Pesquisadores da UFF, UFRJ e Uerj divulgaram um levantamento que comprova a presença generalizada de micro e nanoplásticos no ambiente e no organismo humano. A pesquisa, que analisou 140 estudos nacionais e internacionais, revela que essas partículas estão presentes em alimentos como sal, mel, açúcar, peixes e frutos do mar, além da água que se consome — inclusive a engarrafada.
O estudo foi coordenado pelo professor Vitor Ferreira, do Instituto de Química da UFF, com apoio da Faperj e do CNPq. Segundo ele, a contaminação ocorre por ingestão, inalação e até pela pele, e partículas já foram detectadas em tecidos humanos como pulmões, sangue e até em placentas e cordões umbilicais. Estima-se que cada pessoa possa ingerir até 121 mil microplásticos por ano, embora os números possam ser ainda maiores, devido à dificuldade de detectar partículas menores.
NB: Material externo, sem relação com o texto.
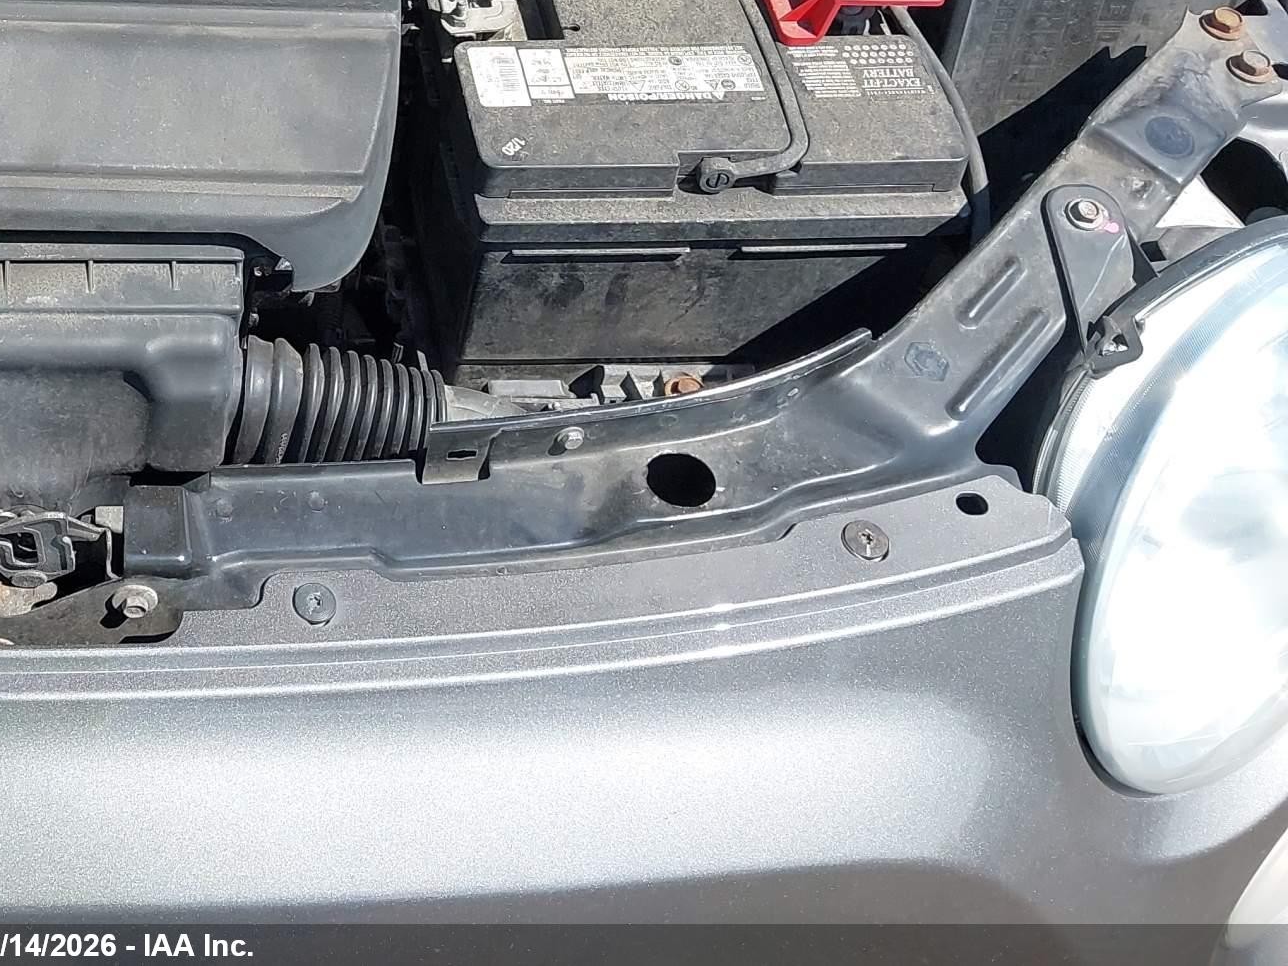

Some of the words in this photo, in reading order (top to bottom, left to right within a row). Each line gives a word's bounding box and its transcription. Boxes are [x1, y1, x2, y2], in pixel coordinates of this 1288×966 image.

Ainda não há comprovação direta dos impactos à saúde, mas os cientistas alertam que os plásticos e seus aditivos químicos podem ter efeitos negativos, inclusive potencialmente relacionados a infecções e formação de coágulos. Um dos próximos objetivos dos pesquisadores é comprovar a relação entre a presença dessas partículas e doenças específicas.
O professor defende medidas imediatas para mitigar o problema, como o aumento da reciclagem e políticas públicas mais rigorosas. Desde 2022, a ONU tenta fechar um acordo internacional contra a poluição plástica, mas as negociações seguem adiadas.